Data for analysis
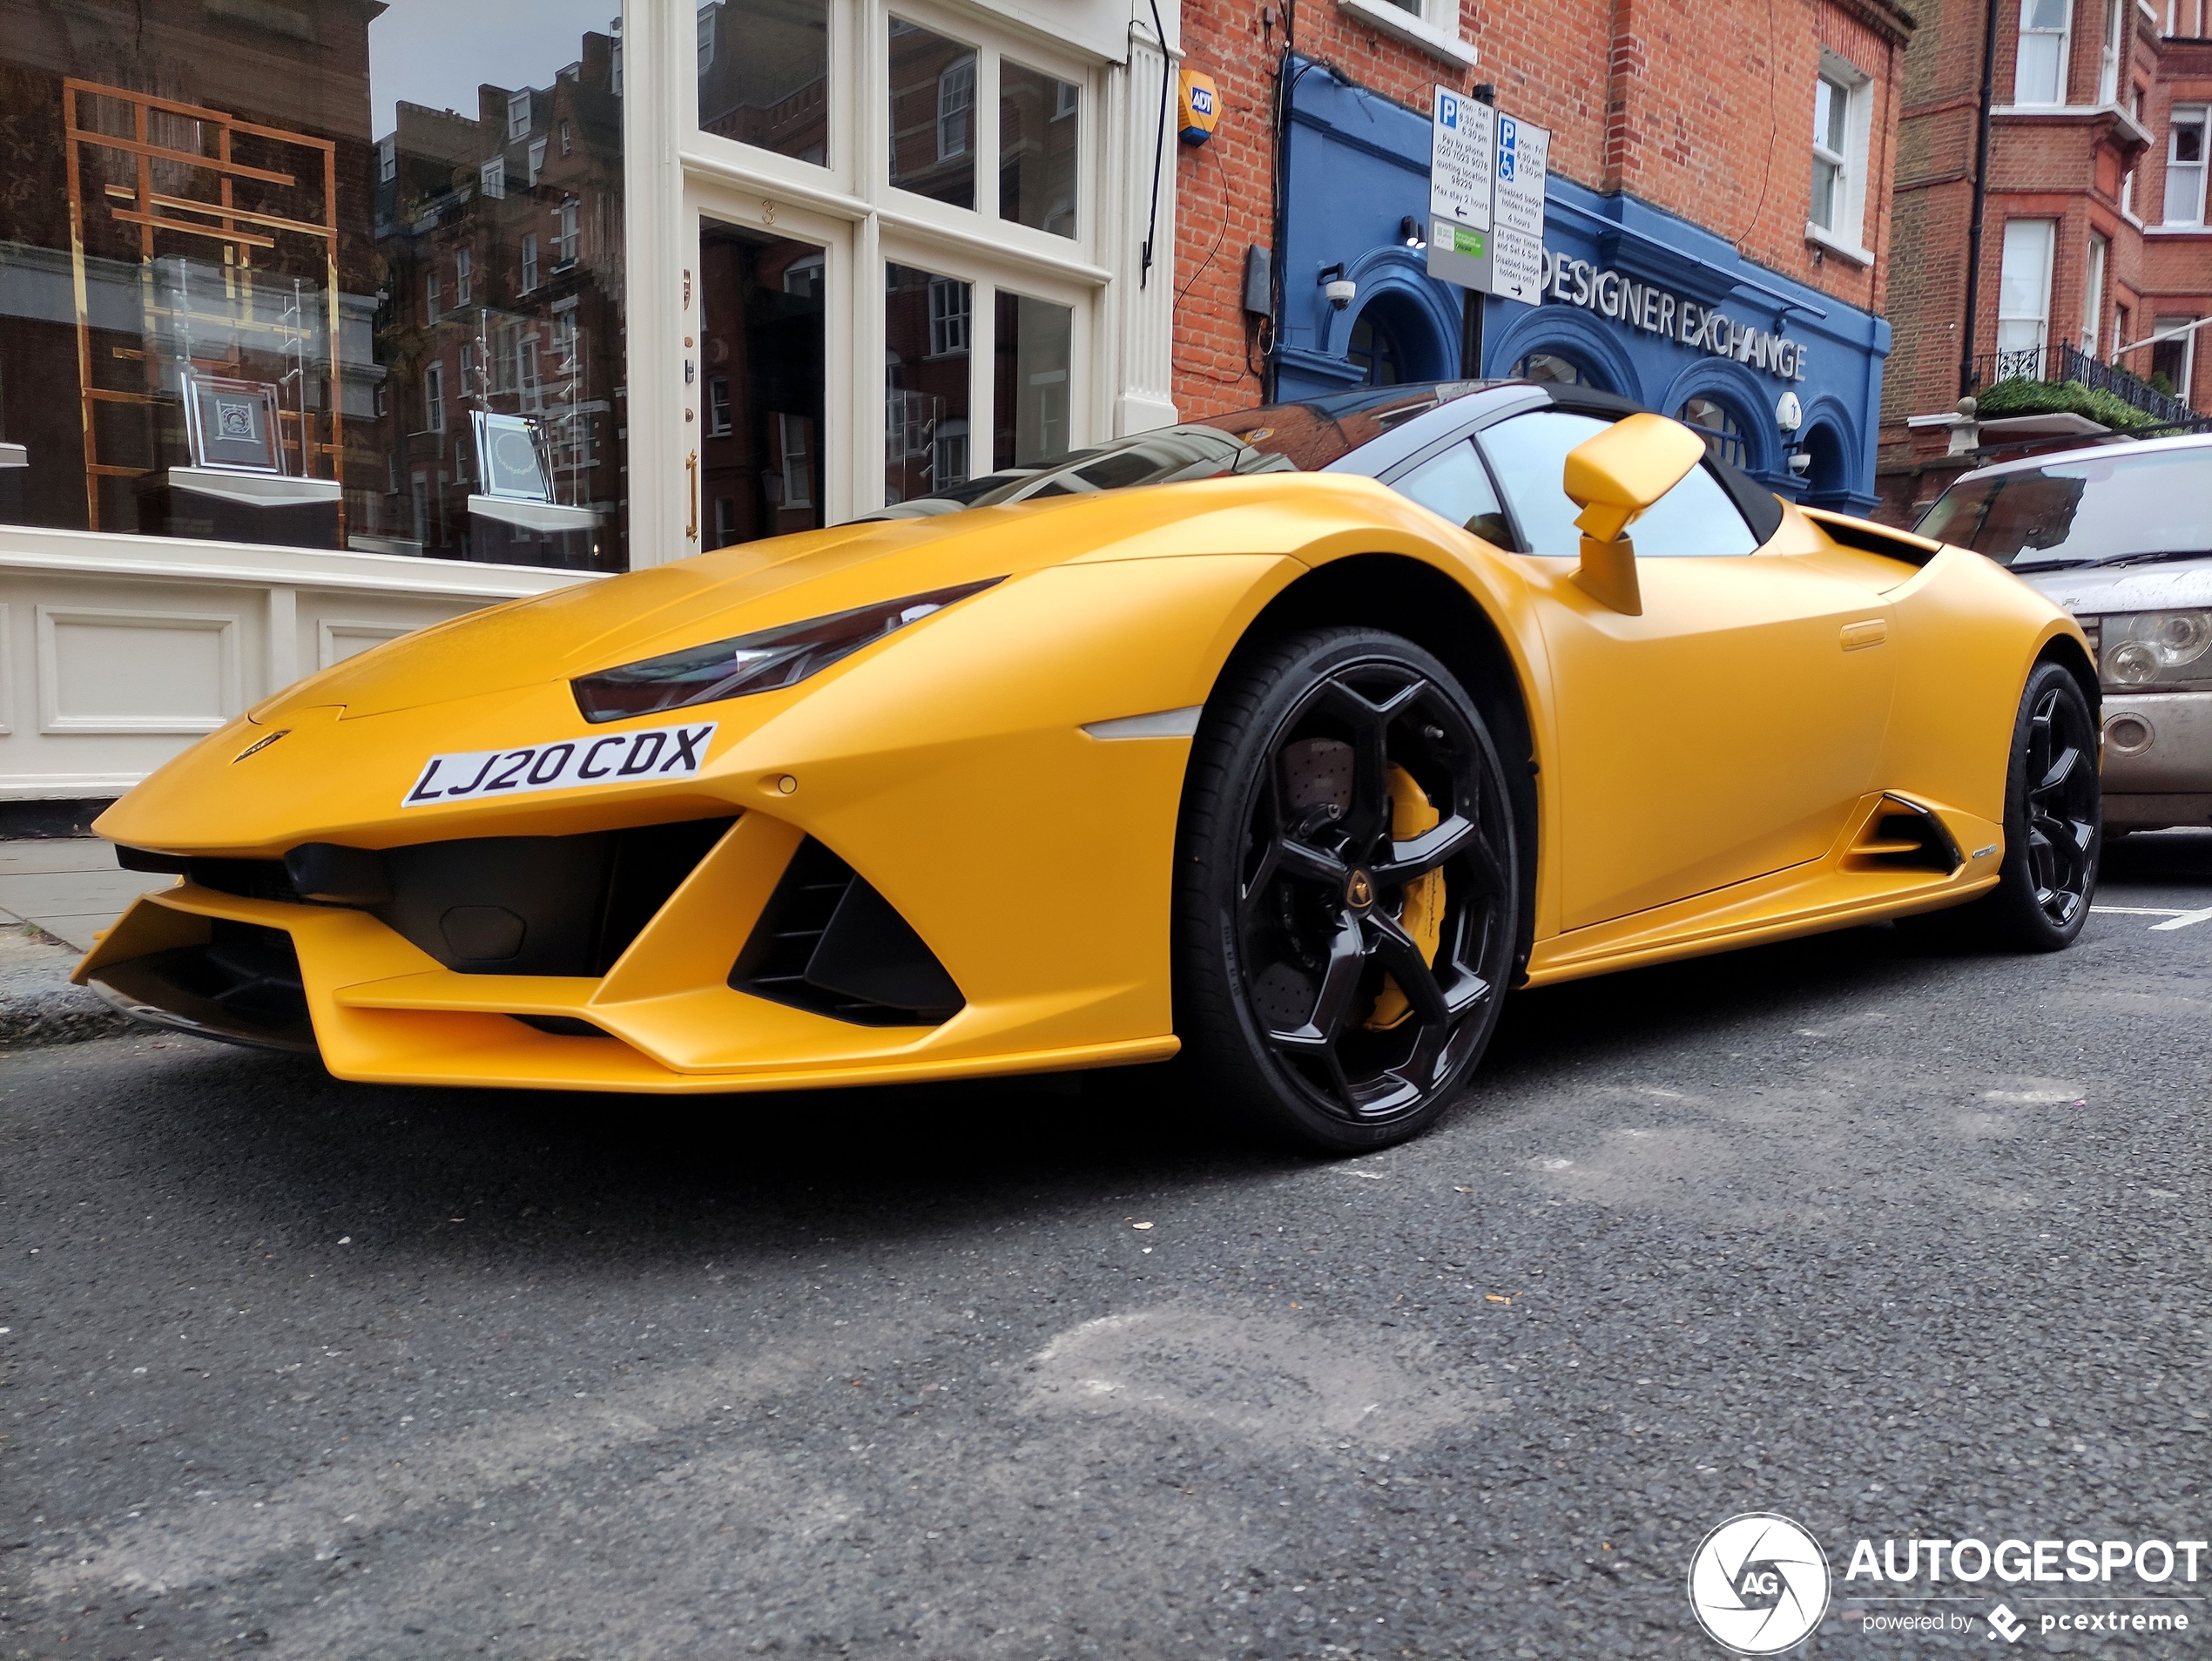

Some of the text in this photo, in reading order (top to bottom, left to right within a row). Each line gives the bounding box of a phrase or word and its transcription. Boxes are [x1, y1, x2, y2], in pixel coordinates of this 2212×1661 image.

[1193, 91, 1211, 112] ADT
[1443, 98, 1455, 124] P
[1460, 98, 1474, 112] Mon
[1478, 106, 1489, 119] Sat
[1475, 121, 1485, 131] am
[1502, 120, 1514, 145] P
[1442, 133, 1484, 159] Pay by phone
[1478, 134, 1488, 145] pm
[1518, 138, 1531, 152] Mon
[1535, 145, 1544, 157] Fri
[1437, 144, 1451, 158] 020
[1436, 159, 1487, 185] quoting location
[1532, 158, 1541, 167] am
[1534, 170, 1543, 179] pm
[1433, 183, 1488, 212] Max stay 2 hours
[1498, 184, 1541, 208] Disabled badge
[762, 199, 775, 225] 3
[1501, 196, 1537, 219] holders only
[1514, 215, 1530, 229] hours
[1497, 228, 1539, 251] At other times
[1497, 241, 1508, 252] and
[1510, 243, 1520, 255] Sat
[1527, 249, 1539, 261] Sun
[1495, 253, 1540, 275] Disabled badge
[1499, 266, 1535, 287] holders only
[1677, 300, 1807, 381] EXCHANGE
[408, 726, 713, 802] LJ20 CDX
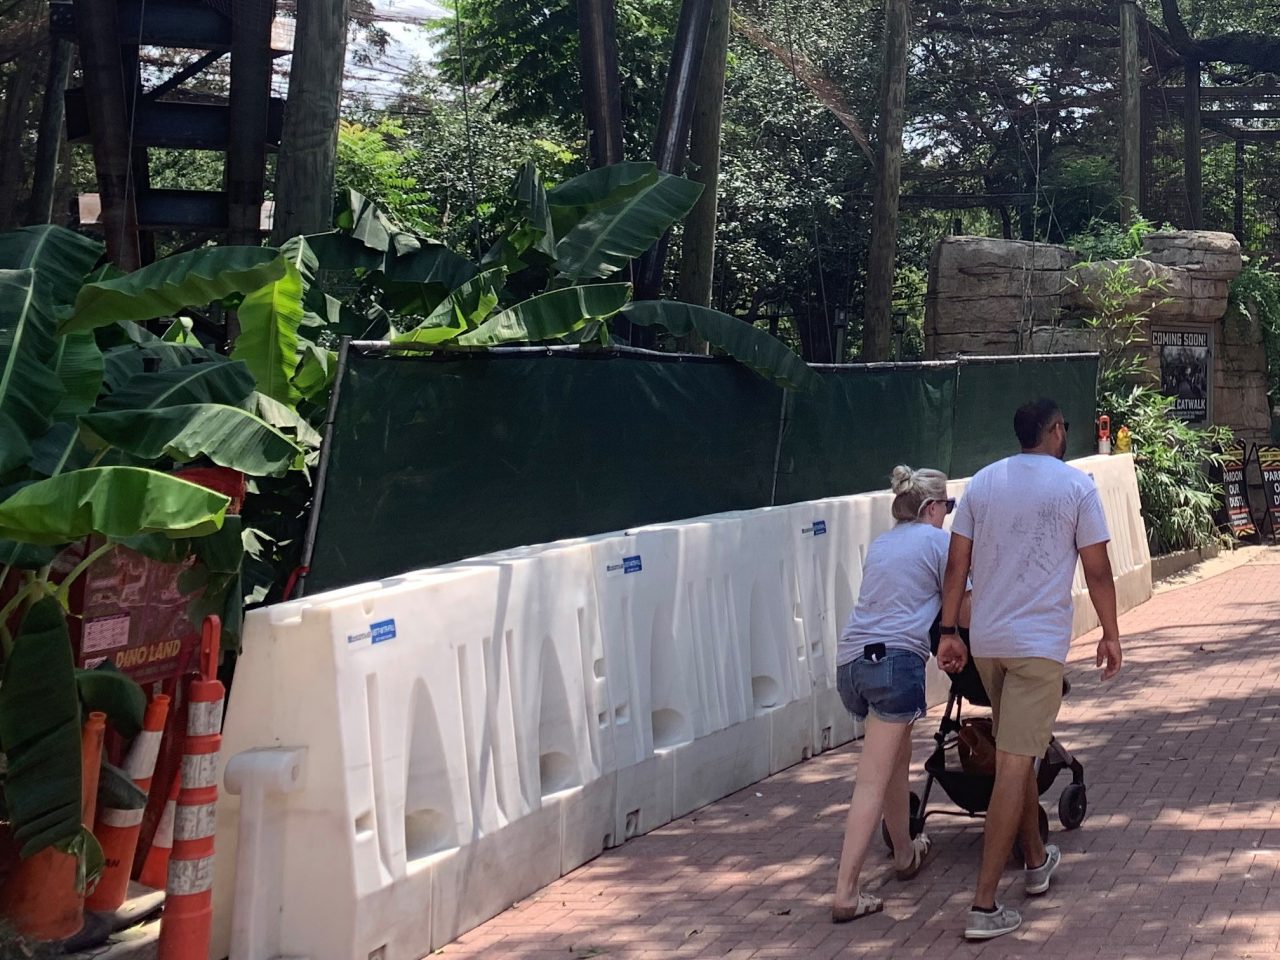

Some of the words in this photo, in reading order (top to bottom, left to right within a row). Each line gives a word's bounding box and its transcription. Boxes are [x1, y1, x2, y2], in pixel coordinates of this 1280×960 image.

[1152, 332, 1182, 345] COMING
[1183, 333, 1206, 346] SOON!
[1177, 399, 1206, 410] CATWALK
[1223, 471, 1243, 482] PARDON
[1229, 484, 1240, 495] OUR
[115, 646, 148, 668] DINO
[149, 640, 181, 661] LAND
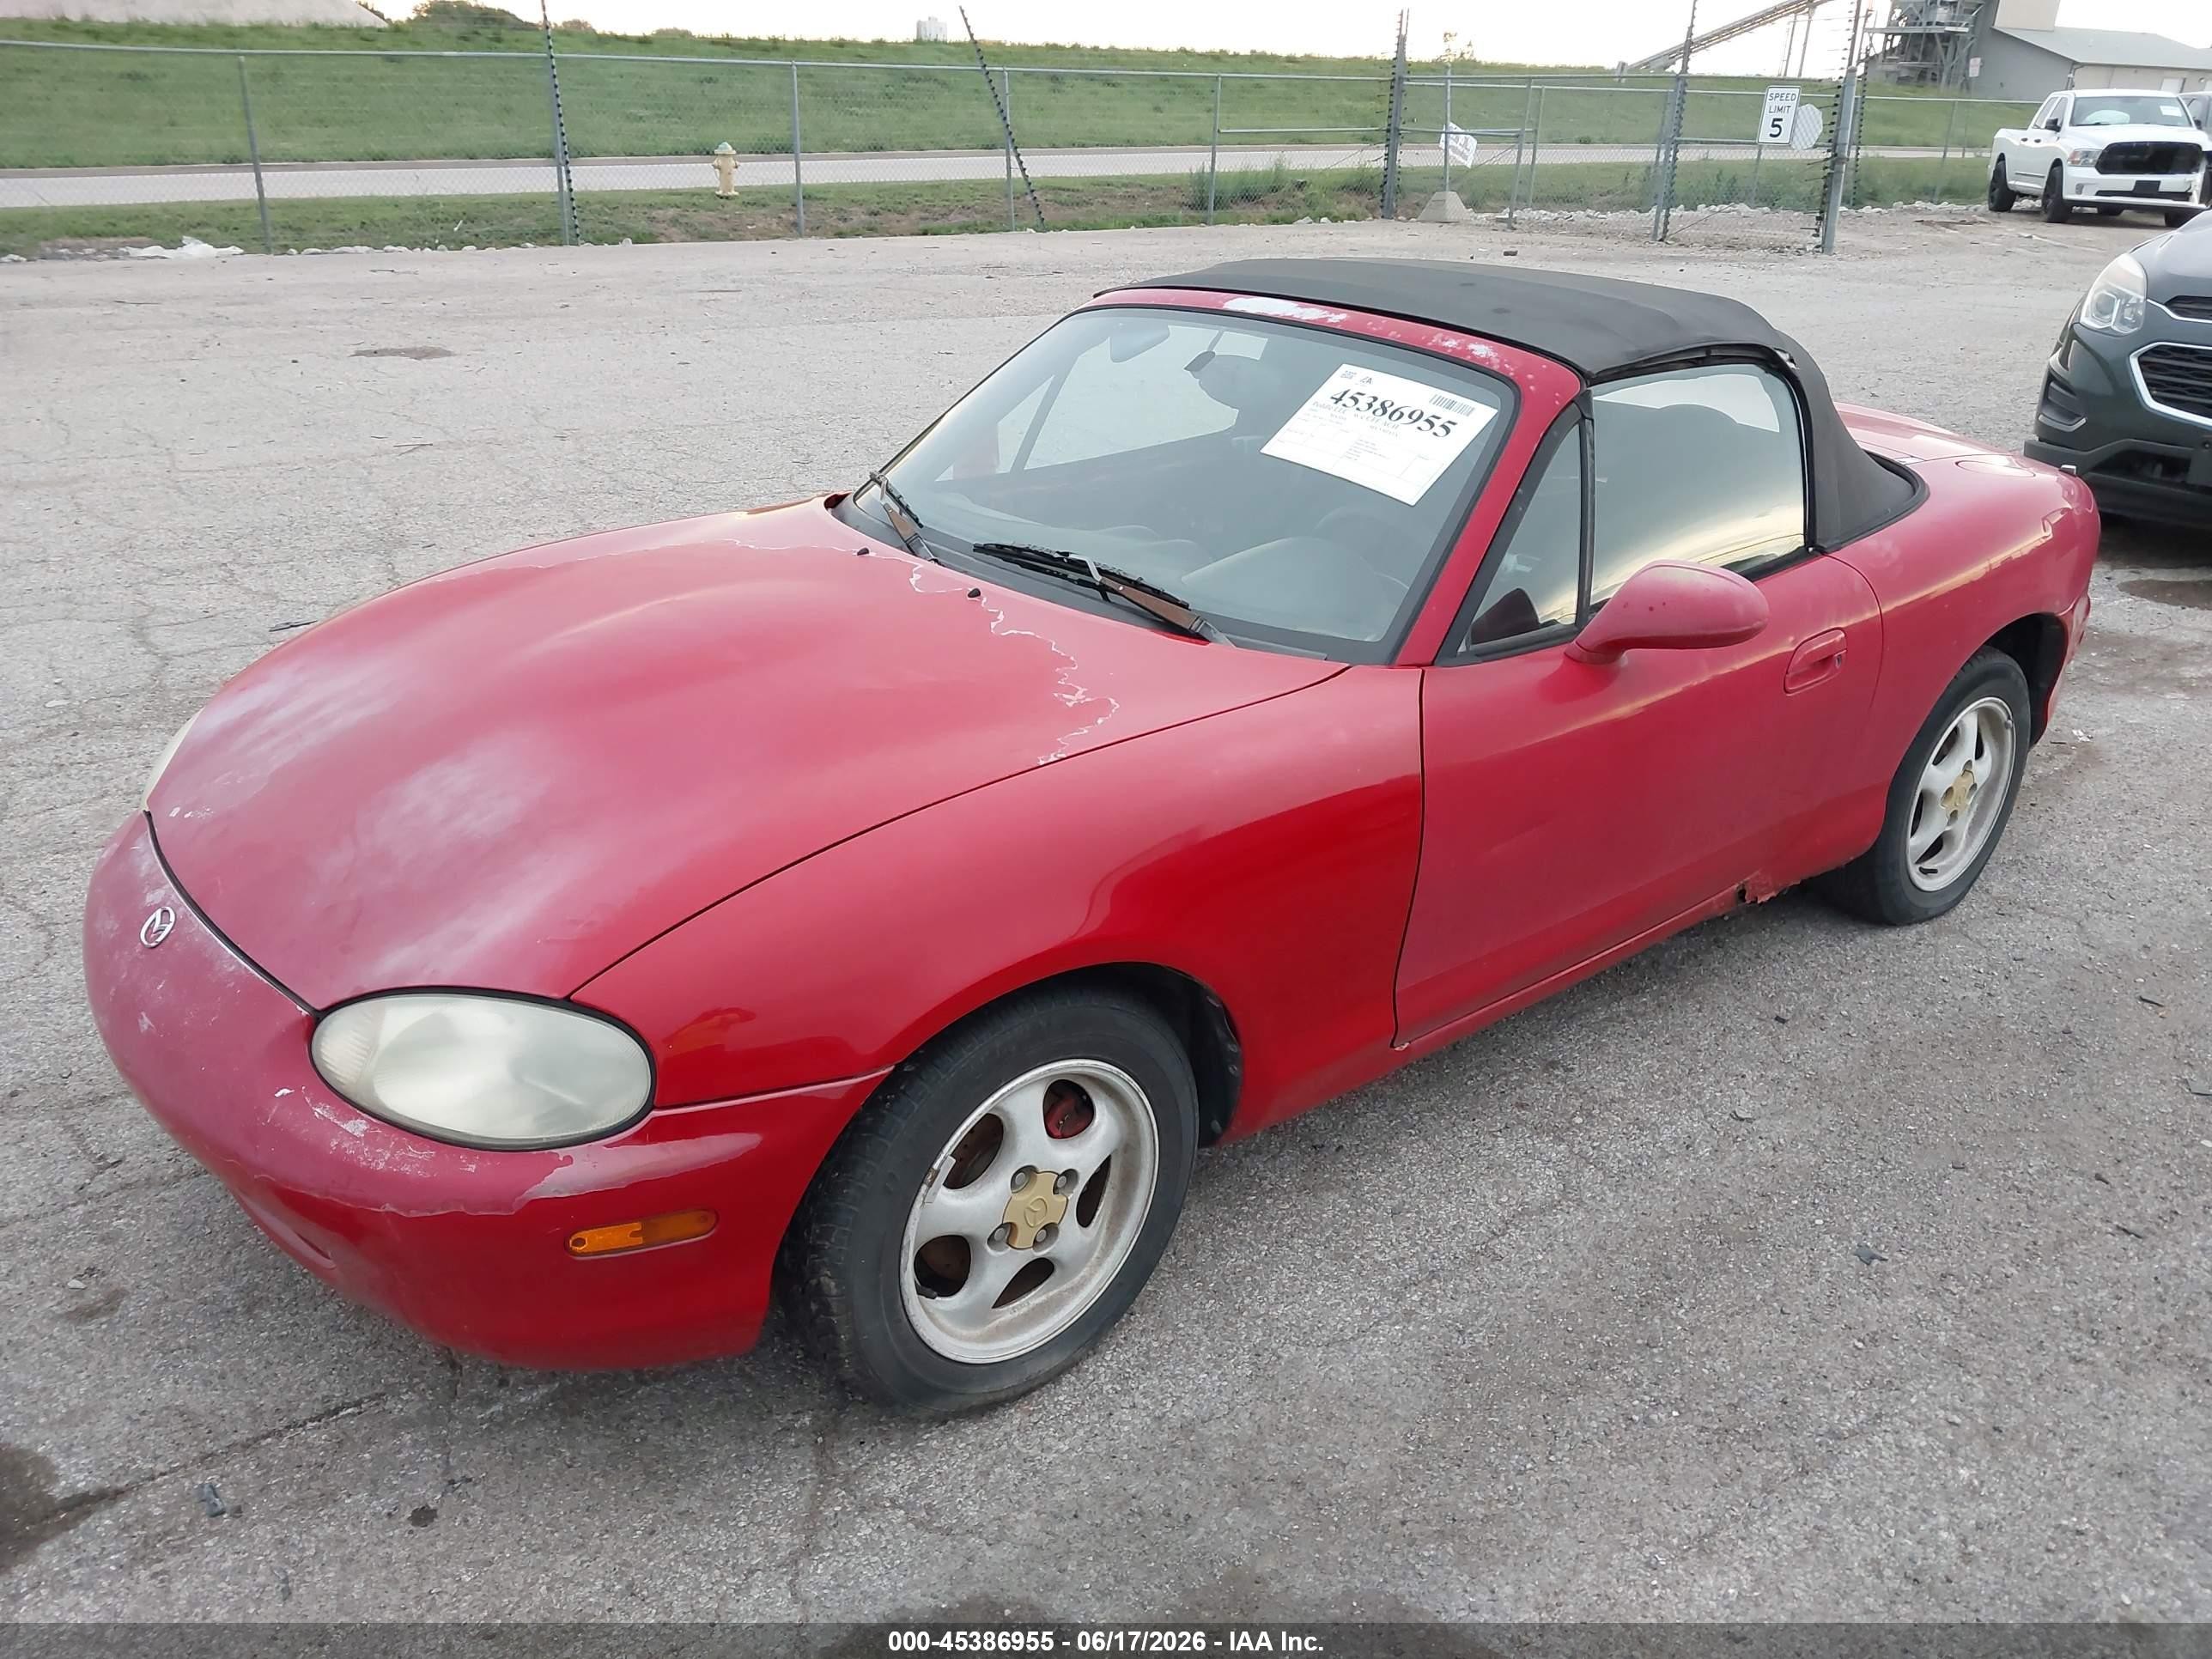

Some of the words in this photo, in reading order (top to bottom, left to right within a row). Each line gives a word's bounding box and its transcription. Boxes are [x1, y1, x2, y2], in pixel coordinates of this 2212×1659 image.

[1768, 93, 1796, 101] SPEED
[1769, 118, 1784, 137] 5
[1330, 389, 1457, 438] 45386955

Action item
With the pictures set aside, return each line of the listing exactly as given.

Output below
Some of the text in this photo, in reading order (top to bottom, left to right within a row). Each line gives the bounding box of a phrase or word and its transcription. Boxes are [x1, y1, x2, y2], in pixel coordinates of this 2212×1661 image.

[1193, 91, 1211, 112] ADT
[1443, 98, 1455, 124] P
[1460, 98, 1474, 112] Mon
[1478, 106, 1489, 119] Sat
[1475, 121, 1485, 131] am
[1502, 120, 1514, 145] P
[1442, 133, 1484, 159] Pay by phone
[1478, 134, 1488, 145] pm
[1518, 138, 1531, 152] Mon
[1535, 145, 1544, 157] Fri
[1437, 144, 1451, 158] 020
[1436, 159, 1487, 185] quoting location
[1532, 158, 1541, 167] am
[1534, 170, 1543, 179] pm
[1433, 183, 1488, 212] Max stay 2 hours
[1498, 184, 1541, 208] Disabled badge
[762, 199, 775, 225] 3
[1501, 196, 1537, 219] holders only
[1514, 215, 1530, 229] hours
[1497, 228, 1539, 251] At other times
[1497, 241, 1508, 252] and
[1510, 243, 1520, 255] Sat
[1527, 249, 1539, 261] Sun
[1495, 253, 1540, 275] Disabled badge
[1499, 266, 1535, 287] holders only
[1677, 300, 1807, 381] EXCHANGE
[408, 726, 713, 802] LJ20 CDX

Some of the words in this photo, in reading order (top to bottom, left to right within a row). Each line gives a word's bounding box and its transcription. Boxes are [x1, y1, x2, y2], in pixel coordinates of this 1280×960 image.

[1152, 332, 1182, 345] COMING
[1183, 333, 1206, 346] SOON!
[1177, 399, 1206, 410] CATWALK
[1223, 471, 1243, 482] PARDON
[1229, 484, 1240, 495] OUR
[115, 646, 148, 668] DINO
[149, 640, 181, 661] LAND

Some of the words in this photo, in reading order (top to bottom, left to right within a row). Each line gives a word's bounding box and its transcription. Boxes are [x1, y1, x2, y2], in pixel coordinates of this 2212×1659 image.

[1768, 93, 1796, 101] SPEED
[1769, 118, 1784, 137] 5
[1330, 389, 1457, 438] 45386955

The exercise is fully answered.